Understanding the Neglected Brain

Cristina spent three years in a foreign orphanage. She had minimal food and clothes. The orphanages were so crowded that each child barely got enough attention. Cristina would cry, but nobody would come to her crib to comfort her. Soon she learned that if she cried and nobody came, the best thing would be to not cry, and to comfort herself.

Cristina would rock herself as a source of comfort. She was not the only one. Many of the children in these orphanages were doing the same thing. Finally, when Cristina was adopted and came to America at 3 years old, it was hard for her to adjust. She was not used to getting all of this love and attention from her new family.

Cristina grew up, but she had challenges. It was hard for her to form relationships. She didn’t trust anybody and could only rely on herself. She did not want to attach to someone only to feel abandoned later on. She had friends, but it was always hard for her to form friendships and fit in with others.
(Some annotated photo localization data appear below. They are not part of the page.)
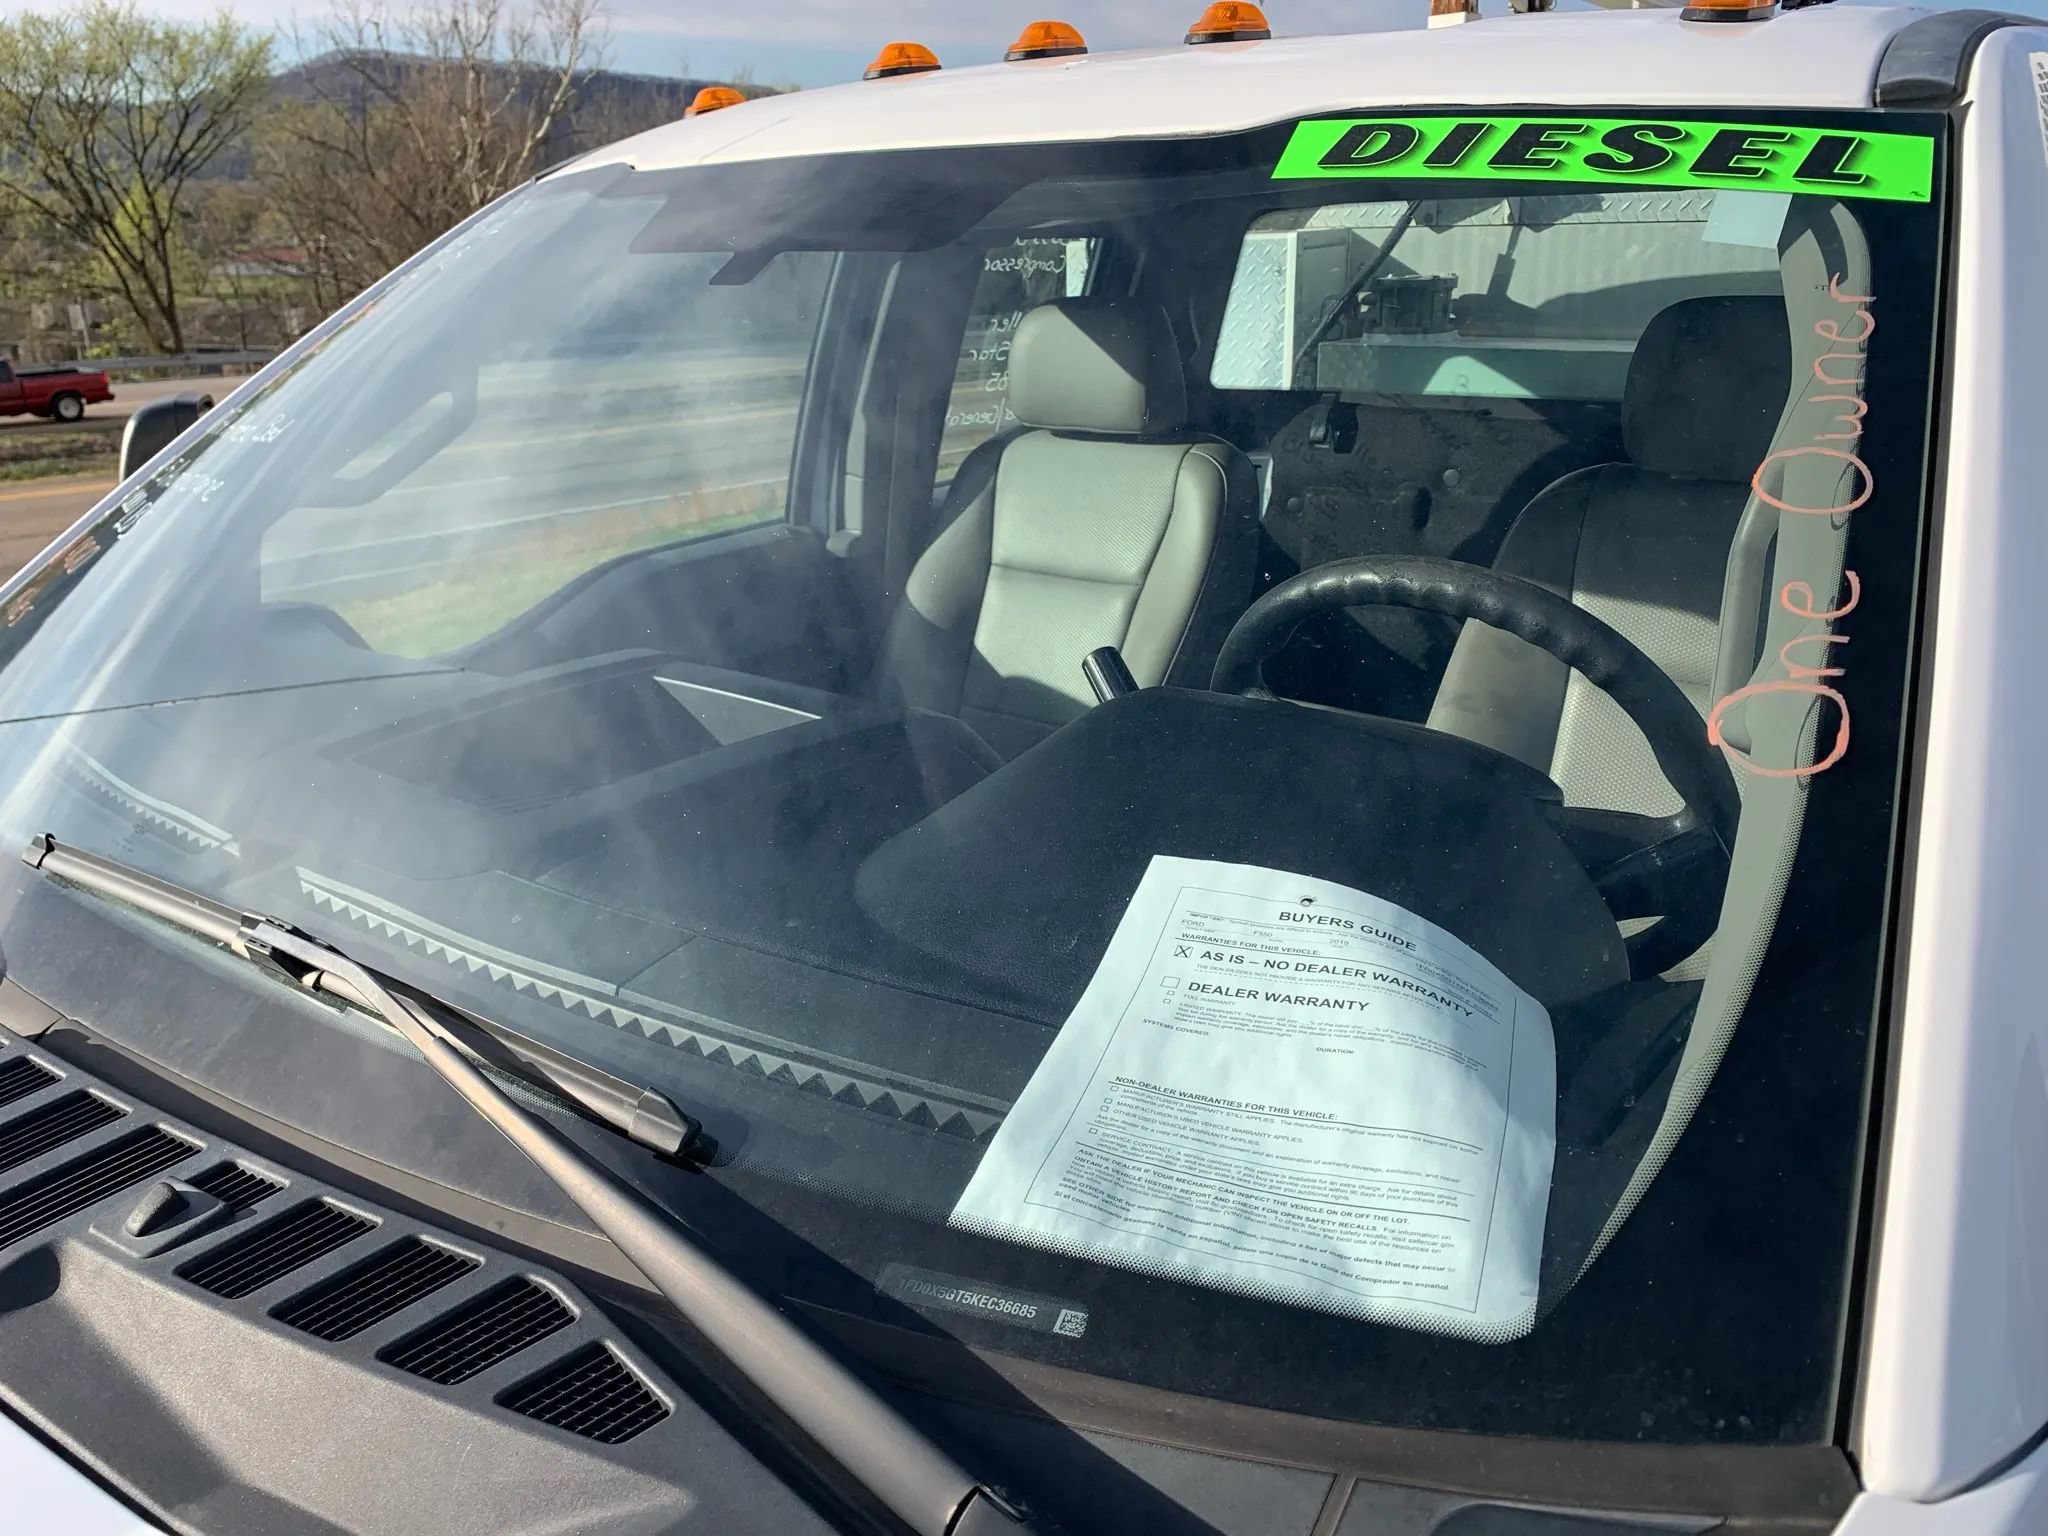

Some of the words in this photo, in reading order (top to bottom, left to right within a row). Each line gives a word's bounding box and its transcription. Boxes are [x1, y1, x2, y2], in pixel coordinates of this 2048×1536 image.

[1317, 122, 1870, 184] DIESEL
[1753, 272, 1876, 514] Owner
[1707, 570, 1861, 777] One
[1181, 919, 1205, 928] FORD
[1181, 932, 1237, 945] WARRANTIES
[1279, 911, 1355, 929] BUYERS
[1360, 924, 1417, 952] GUIDE
[1188, 981, 1260, 1000] DEALER
[1265, 991, 1371, 1011] WARRANTY
[1200, 950, 1224, 962] AS
[1229, 954, 1245, 965] IS
[1264, 959, 1290, 970] NO
[1294, 962, 1367, 979] DEALER
[1373, 972, 1473, 1017] WARRANTY
[1143, 1018, 1174, 1030] SYSTEMS
[1115, 1076, 1176, 1096] NON-DEALER
[1179, 1091, 1241, 1108] WARRANTIES
[1244, 1102, 1265, 1110] FOR
[1268, 1105, 1289, 1114] THIS
[1292, 1109, 1338, 1119] VEHICLE:
[1185, 1103, 1224, 1115] WARRANTY
[1179, 1115, 1198, 1124] USED
[1200, 1120, 1229, 1130] VEHICLE
[1231, 1126, 1270, 1139] WARRANTY
[1189, 1126, 1227, 1140] WARRANTY
[1074, 1156, 1102, 1169] OBTAIN
[1111, 1167, 1142, 1181] VEHICLE
[1144, 1177, 1178, 1191] HISTORY
[1180, 1187, 1212, 1199] REPORT
[1213, 1194, 1230, 1203] AND
[1232, 1199, 1259, 1211] CHECK
[1261, 1207, 1278, 1215] FOR
[1280, 1211, 1302, 1220] OPEN
[1305, 1216, 1336, 1227] SAFETY
[1078, 1149, 1093, 1157] ASK
[1096, 1153, 1109, 1162] THE
[1111, 1157, 1141, 1172] DEALER
[1152, 1170, 1174, 1180] YOUR
[1175, 1175, 1216, 1191] MECHANIC
[1218, 1186, 1234, 1194] CAN
[1236, 1190, 1270, 1202] INSPECT
[1272, 1197, 1287, 1206] THE
[1290, 1201, 1323, 1213] VEHICLE
[1062, 1177, 1076, 1186] SEE
[1078, 1181, 1104, 1196] OTHER
[1106, 1191, 1124, 1202] SIDE
[1125, 1197, 1135, 1206] for
[1353, 1255, 1382, 1265] defects
[1402, 1262, 1419, 1271] may
[1421, 1264, 1445, 1272] occur
She felt alone, but she was OK with that.

Kathryn Dinkelacker
Kathryn Dinkelacker

Many studies have shown that the first three years of a child’s life are the most important years of development. According to Dr. Bruce Perry, an internationally known expert on childhood behavior and trauma, if a baby is not fed consistent, predictable messages of love and communication, the child’s capacity to function later in life – as it was with Christina — is affected.

At birth, the brain contains billions of neurons, but social interaction and communication wire it to either its full potential or a compromised state. With neglect and trauma, the brain is not be being “fed” enough to help it develop properly. Brain scans have shown that a severely neglected child’s brain is significantly smaller than that of a child who was loved and cared for from birth.
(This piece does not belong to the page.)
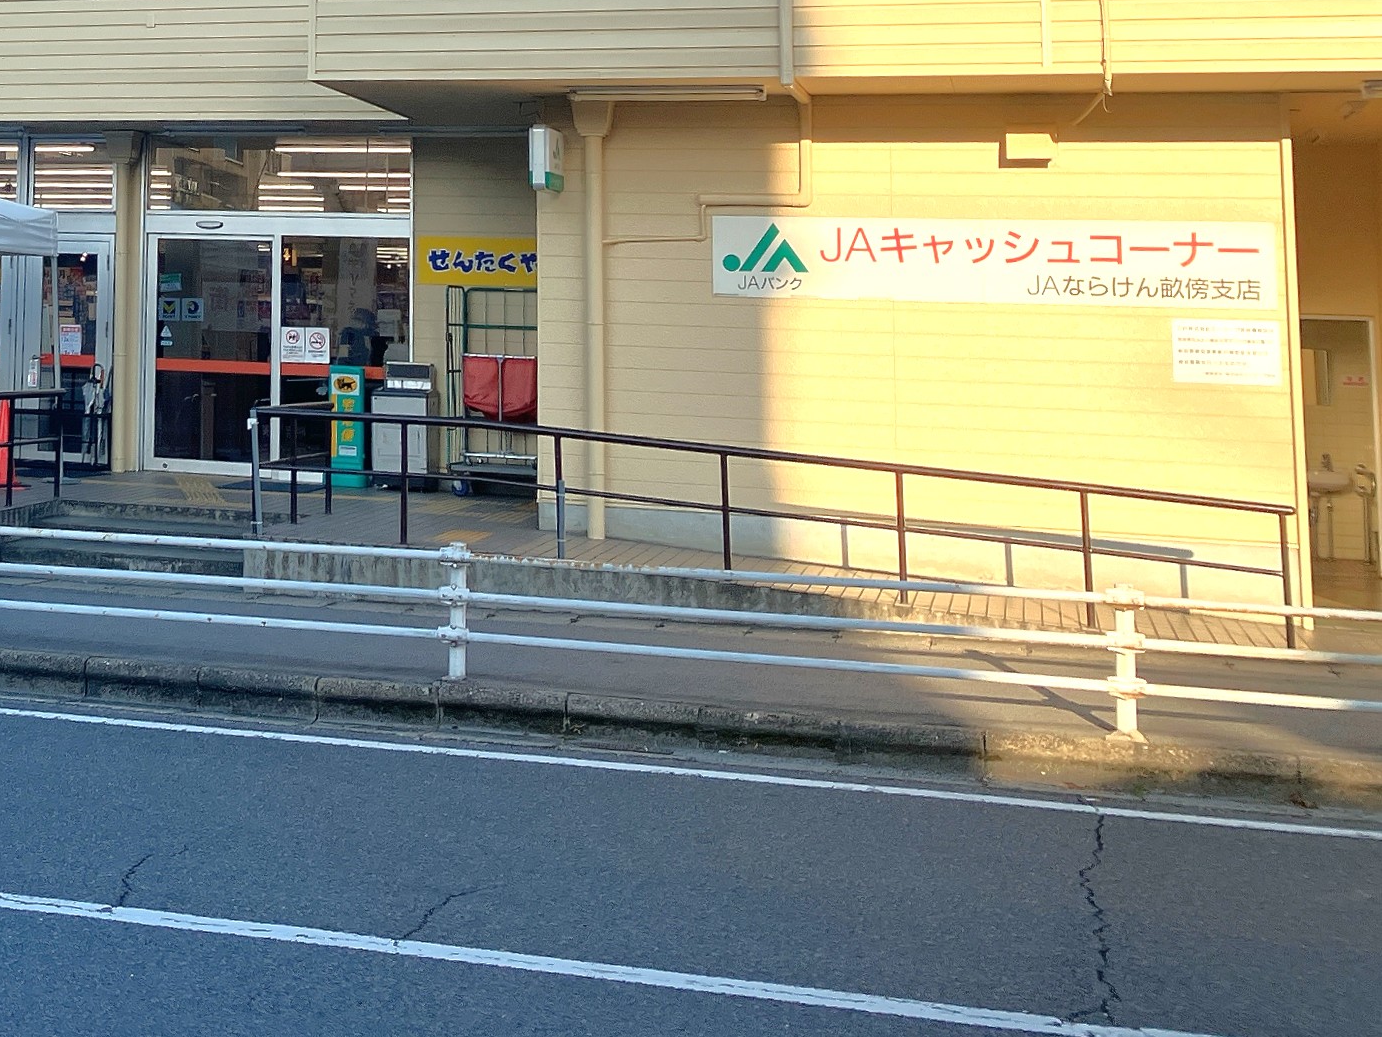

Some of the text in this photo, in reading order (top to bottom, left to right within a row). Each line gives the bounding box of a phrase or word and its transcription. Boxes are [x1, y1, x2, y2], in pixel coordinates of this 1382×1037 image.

[819, 226, 1260, 268] JAキャッシュコーナー
[426, 248, 538, 275] せんたくや
[737, 274, 803, 292] JAバンク
[1026, 274, 1262, 302] JAならけん畝傍支店
Children who have been neglected or experienced trauma often display anxiety, impulsivity, hyperactivity, difficulty experiencing empathy and impaired problem-solving skills. They also often go into survival mode. We see all of these things in some of our foster care children.

It takes a strong experience of safety and nurturing, a good, structured environment, and knowledgeable parenting to help such a child grow and heal. Therefore, it is very important for foster or adoptive parents to become educated on this matter, otherwise they might see a child’s behavior as a bad, when in reality, the child’s actions are the result of past experiences.

The more knowledge our caregivers have, the easier it is on them and the child, and this understanding can help weave the child into functioning society. Here at SaintA, we provide many trauma informed services to children and caregivers, but I wish our understanding and practices were more widespread. If so, things might be a little easier in foster care systems everywhere, and placement stability might be higher. Children would not be bounced from home to home if more caregivers truly understood how trauma affects behavior and emotional stability.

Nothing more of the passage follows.